Data extract:
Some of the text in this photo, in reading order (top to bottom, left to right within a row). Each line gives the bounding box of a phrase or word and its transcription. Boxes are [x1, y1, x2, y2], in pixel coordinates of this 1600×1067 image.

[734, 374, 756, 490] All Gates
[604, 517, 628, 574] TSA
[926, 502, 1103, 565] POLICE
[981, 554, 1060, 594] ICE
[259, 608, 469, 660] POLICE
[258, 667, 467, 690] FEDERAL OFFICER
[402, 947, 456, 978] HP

What the task requires: Line by line, print the records above exactly as they stand.

Exercise output:
Some of the text in this photo, in reading order (top to bottom, left to right within a row). Each line gives the bounding box of a phrase or word and its transcription. Boxes are [x1, y1, x2, y2], in pixel coordinates of this 1600×1067 image.

[734, 374, 756, 490] All Gates
[604, 517, 628, 574] TSA
[926, 502, 1103, 565] POLICE
[981, 554, 1060, 594] ICE
[259, 608, 469, 660] POLICE
[258, 667, 467, 690] FEDERAL OFFICER
[402, 947, 456, 978] HP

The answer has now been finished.